Well, I had a nice blog prepared on my grand idea for this Advent season, and how it would help our family to center this holiday around Christ. This is not that blog. In fact that blog was never published.
I have been battling mastitis for over a week now (if you don’t know what that is and care to, you can look it up). I’ve made a trip to the ER, had a 104 fever, experienced a headache that was unbearable and generally felt horrible. I am finally on antibiotics, but while mending I will be home parenting from the couch for the next several days, while the house gradually gathers clutter and the laundry baskets get fuller.

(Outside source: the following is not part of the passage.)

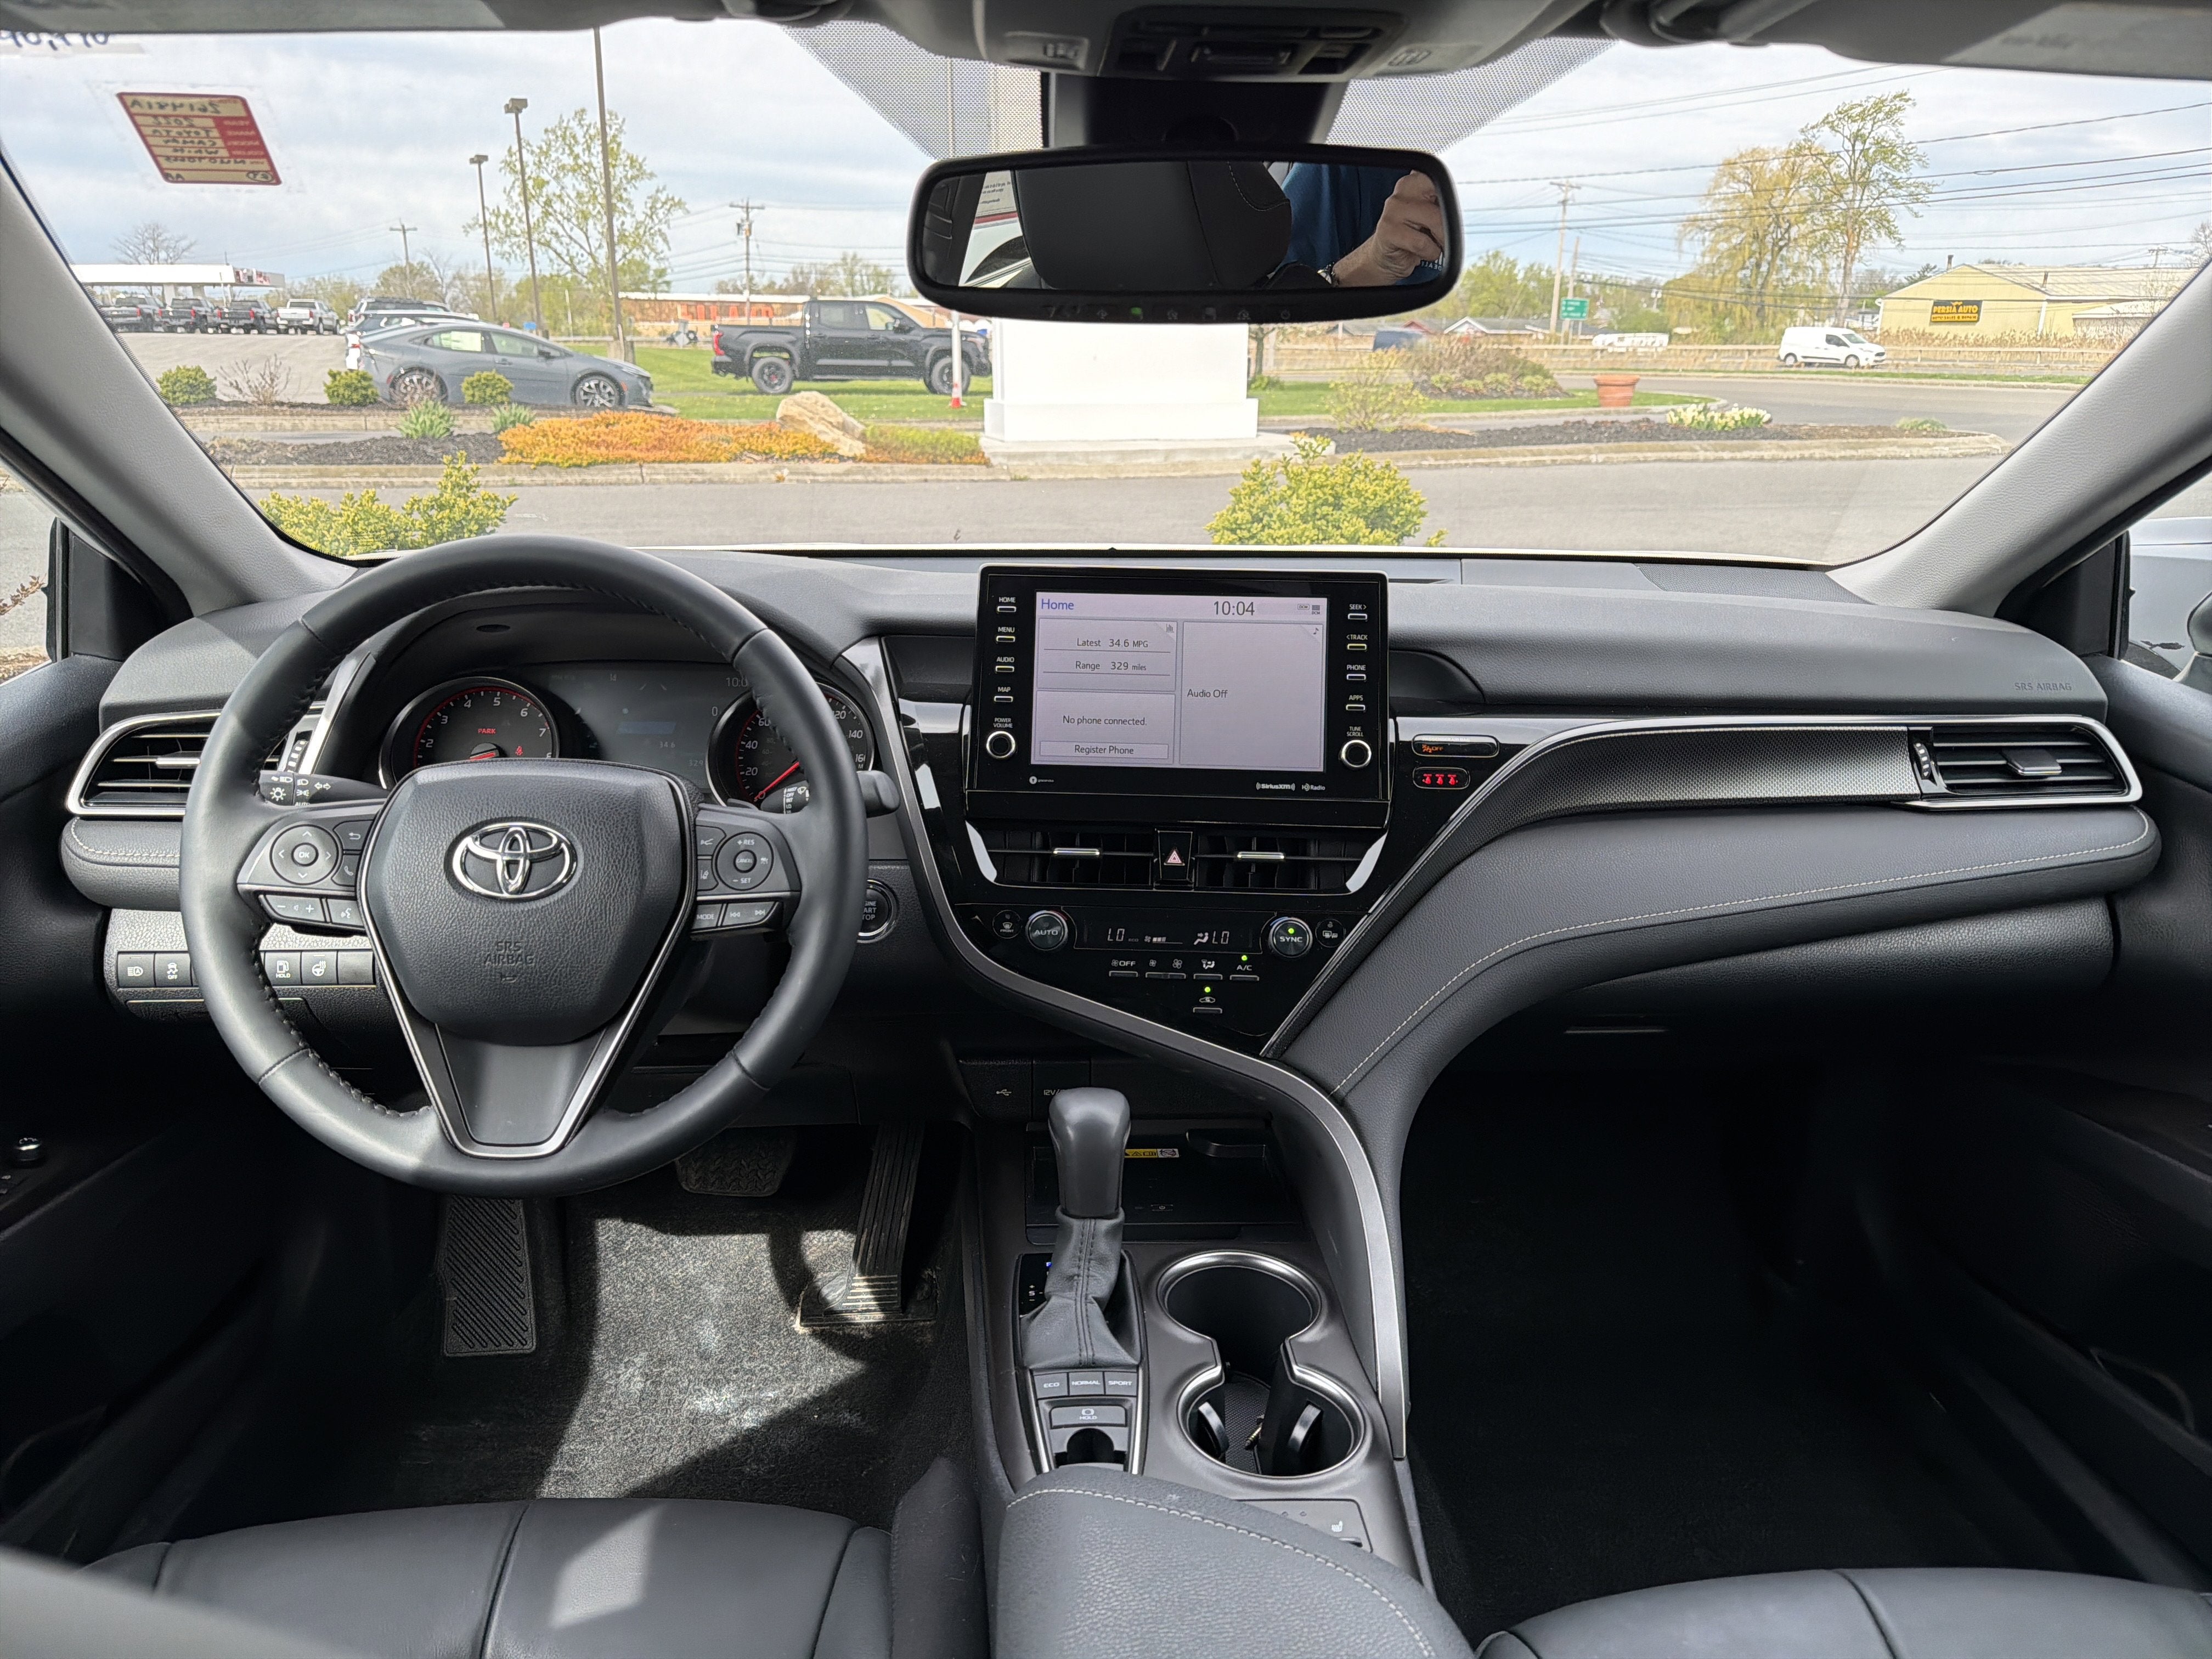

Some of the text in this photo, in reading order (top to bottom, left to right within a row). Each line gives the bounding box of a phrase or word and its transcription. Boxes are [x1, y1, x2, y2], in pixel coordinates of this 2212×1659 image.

While I was battling fever and chills repeatedly for days on the couch, I was forced to rest, not that I wanted to do much else. But it meant I couldn’t implement my grand idea for the advent season! And even now that I’m on the mend, I have strict instructions to rest until I have completely healed.
But in this time on the couch I realized that something profound is often missing from our Christmas season. REST. Rest was a part of God original plan. Rest was even specifically included in the creation narrative. Yet, Christmas is usually all about doing and having more! More gifts, more activities, more cookies, more, more, more! Don’t we already do and have enough?! How can we possibly center the season around Christ when we pack December with activities, expectations, shopping, gifts, etc.?
Oddly enough I had a dream last night where a man decided he was “skipping Christmas.” When someone asked him why, he skipped off, yelling back to is friend, “because I’m thankful for everything I already have, I don’t need anything more!”
Perhaps this Christmas the best thing we can do to center the season around Jesus is to skip all the “extras” and have a little more time to rest, maybe be a little bored for once, and enjoy all that we already have been given. Not only in possessions and relationships but first and foremost in Jesus Christ.
‘Come to me, all who labor and are heavy laden, and I will give you rest. Take my yoke upon you, and learn from me, for I am gentle and lowly in heart, and you will find rest for your souls. For my yoke is easy, and my burden is light.”’ -Matthew 11:28-30
“So then, there remains a Sabbath rest for the people of God, for whoever has entered God’s rest has also rested from his works as God did from his.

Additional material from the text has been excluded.